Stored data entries
☆ ☆ ☆

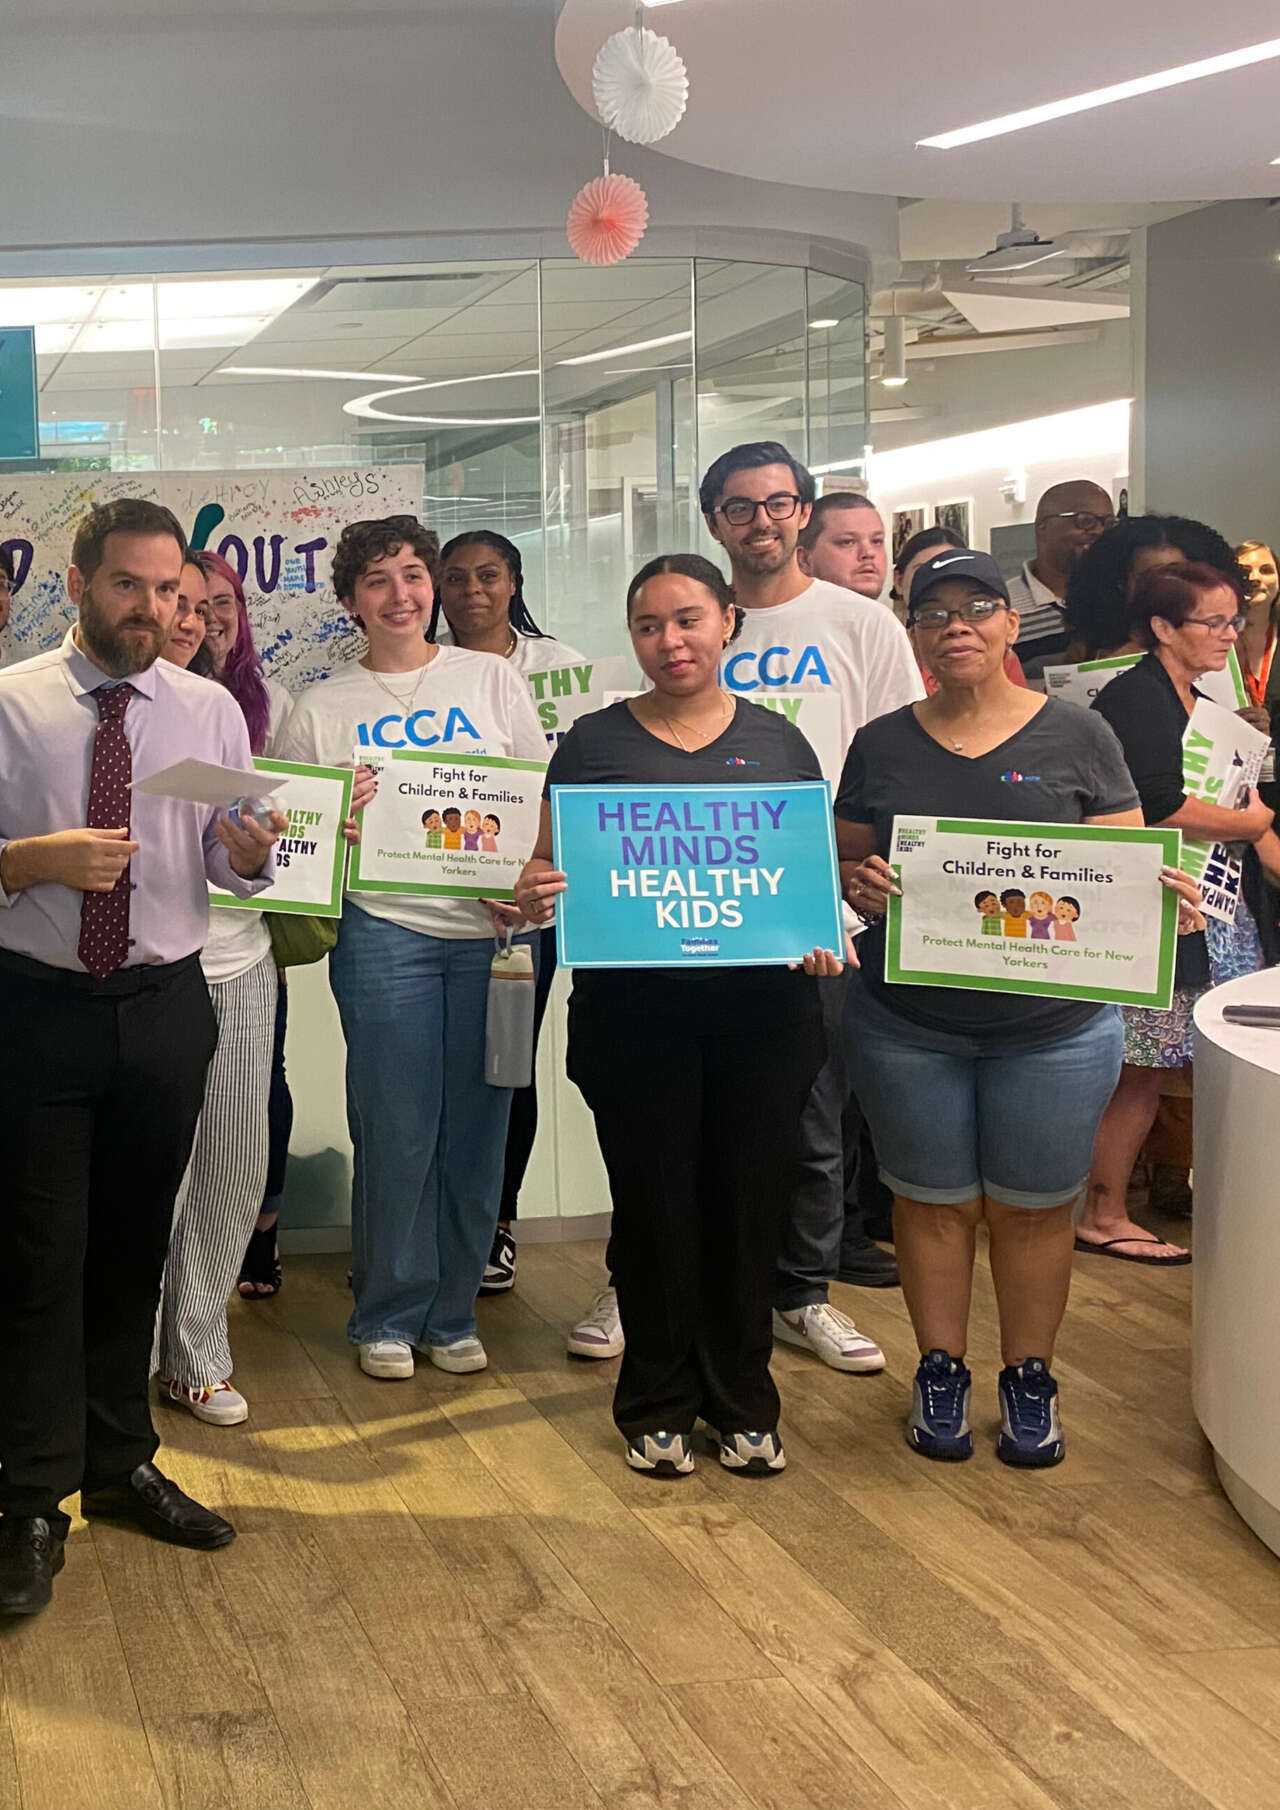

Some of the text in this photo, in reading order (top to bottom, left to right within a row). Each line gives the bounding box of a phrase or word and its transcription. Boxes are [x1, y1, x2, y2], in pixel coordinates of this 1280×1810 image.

[717, 646, 832, 692] CCA
[357, 707, 482, 748] ICCA
[433, 767, 488, 782] Fight for
[398, 783, 524, 804] Children & Families
[285, 809, 322, 826] ALTHY
[598, 800, 788, 832] HEALTHY
[277, 838, 317, 855] ALTHY
[621, 835, 760, 866] MINDS
[987, 841, 1062, 860] Fight for
[277, 853, 291, 867] DS
[377, 849, 516, 867] Protect Mental Health Care for
[441, 866, 477, 877] Yorkers
[610, 867, 785, 897] HEALTHY
[942, 860, 1113, 884] Children & Families
[656, 900, 744, 929] KIDS
[922, 935, 1134, 961] Protect Mental Health Care for New
[1002, 955, 1048, 969] Yorkers
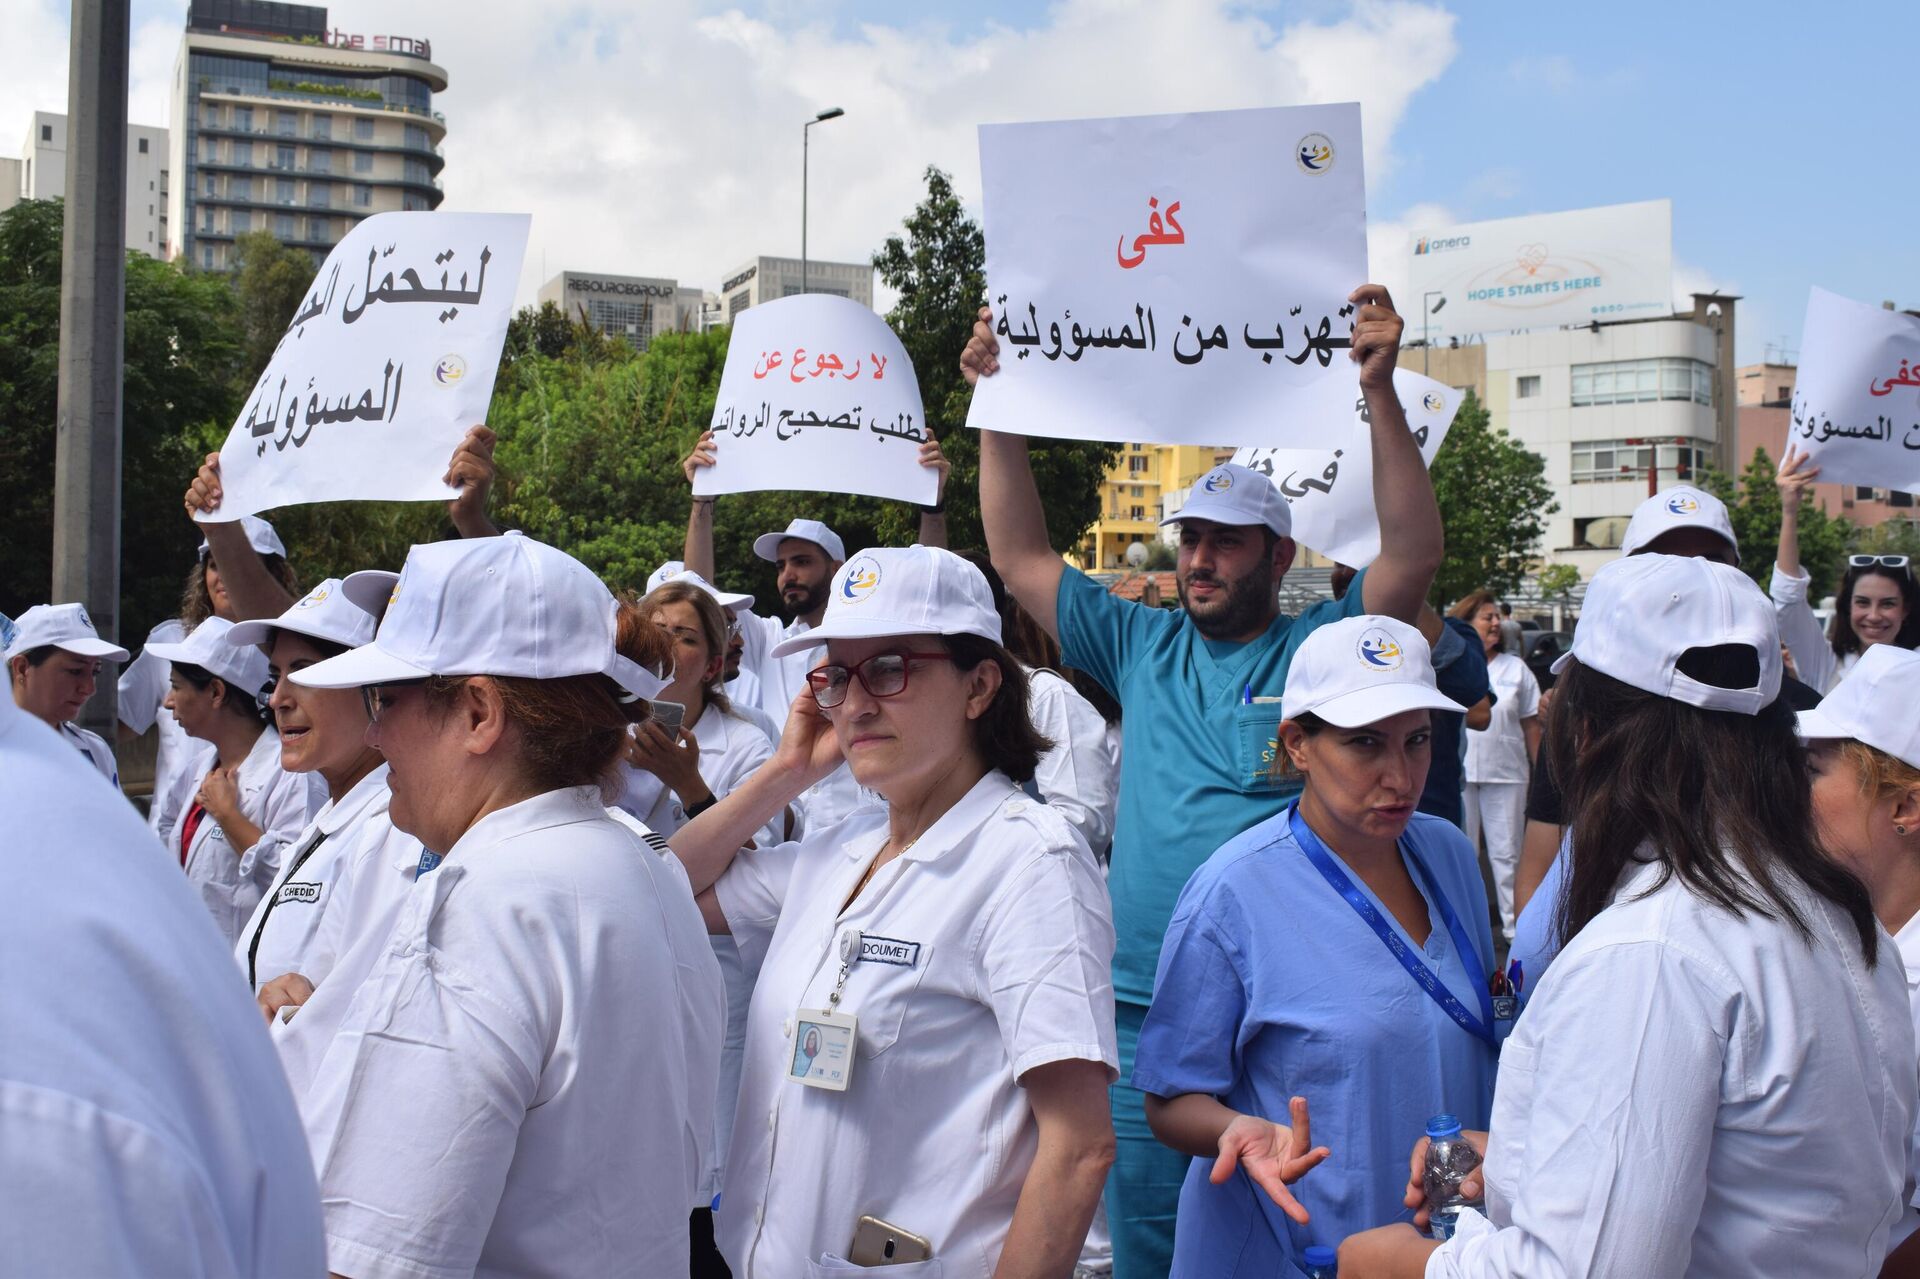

☆ ☆ ☆

* _Work instruction_:
Copy out all the data exactly, skipping the pictures.

* _Answer box_:
Some of the text in this photo, in reading order (top to bottom, left to right within a row). Each line gives the bounding box of a phrase or word and its transcription. Boxes are [x1, y1, x2, y2], in pixel coordinates of this 1280×1810 image.

[717, 646, 832, 692] CCA
[357, 707, 482, 748] ICCA
[433, 767, 488, 782] Fight for
[398, 783, 524, 804] Children & Families
[285, 809, 322, 826] ALTHY
[598, 800, 788, 832] HEALTHY
[277, 838, 317, 855] ALTHY
[621, 835, 760, 866] MINDS
[987, 841, 1062, 860] Fight for
[277, 853, 291, 867] DS
[377, 849, 516, 867] Protect Mental Health Care for
[441, 866, 477, 877] Yorkers
[610, 867, 785, 897] HEALTHY
[942, 860, 1113, 884] Children & Families
[656, 900, 744, 929] KIDS
[922, 935, 1134, 961] Protect Mental Health Care for New
[1002, 955, 1048, 969] Yorkers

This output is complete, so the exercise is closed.